WASHINGTON (Reuters Health) – Nine US senators have written to leaders in that chamber vowing to block the final version of the pediatric exclusivity renewal bill if a key provision is changed to benefit a particular drugmaker.

The Best Pharmaceuticals for Children Act would renew a law set to expire at the end of the year that gives brandname pharmaceutical manufacturers an additional 6 months of market exclusivity if they agree to test their products on children at the request of the US Food and Drug Administration.

But lawyers for Bristol-Myers Squibb, whose patent for the blockbuster diabetes drug Glucophage is expiring, discovered that if they combined the six months from the pediatric law with a provision of the 1984 Hatch-Waxman act, they could win an additional 3-1/2 years without generic competition.

Lawmakers in both the House and Senate agreed that they never intended to provide that much additional market exclusivity, and both versions of the bill currently in a House-Senate conference committee would close the loophole.

But lobbyists for the drug company have been urging Congress not to cut off what they say the firm has gained legally. House Energy and Commerce Chairman Billy Tauzin, R-La., told reporters last week that House Republican leaders had asked him to try to find a compromise "acceptable to both sides [that would also] make sure that no one could do this in the future."
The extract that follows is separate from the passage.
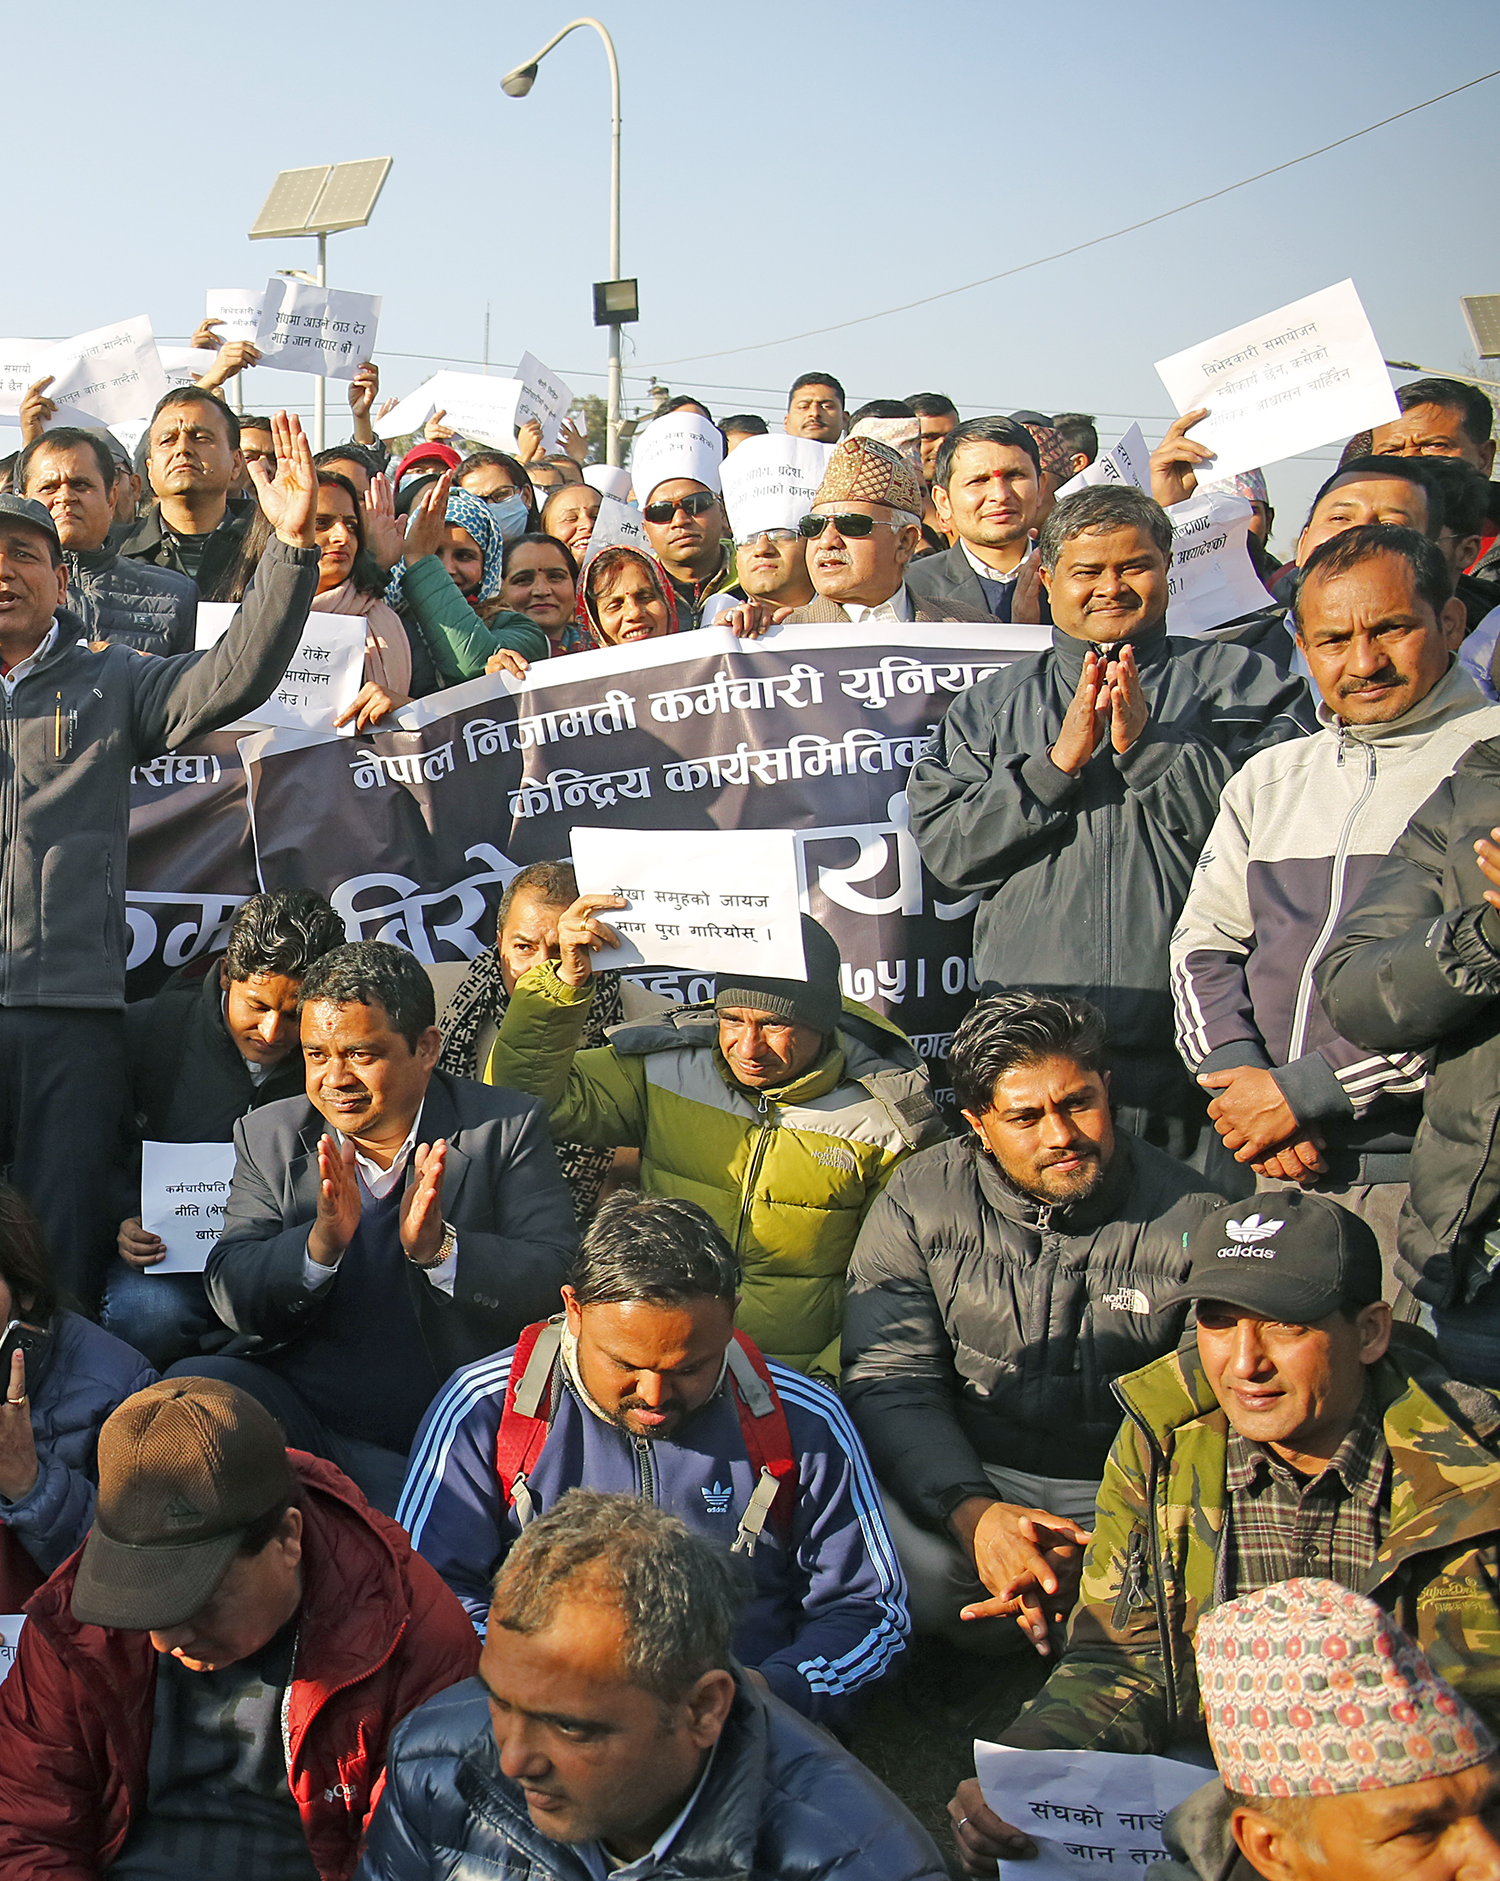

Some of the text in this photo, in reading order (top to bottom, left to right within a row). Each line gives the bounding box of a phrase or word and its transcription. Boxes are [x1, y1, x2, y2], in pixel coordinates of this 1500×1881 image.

But Democratic and Republican senators say any change that would allow Bristol-Myers Squibb more than the 6 months it should have earned as a result of doing its pediatric research is unacceptable.

Changing the measure "would lead to the possibility of indefinite delay of the final passage of this bill," said the letter, which was signed by Sens. Richard Durbin, D-Ill., Larry Craig, R-Idaho, Charles Schumer, D-N.Y., Michael Crapo, R-Idaho, John D. Rockefeller IV, D-W. Va., John McCain, R-Ariz., Patrick Leahy, D-Vt., Hillary Rodham Clinton, D-N.Y., and Paul Wellstone, D-Minn.

The senators said that unless the bill closes the loophole, "consumers, federal and state programs, and private insurers will all be adversely affected. The overall cost impact will be in the multi-billion dollar range…At a time when many consumers are desperately in need of relief from the high cost of prescription drugs, Congress should…not increase that burden."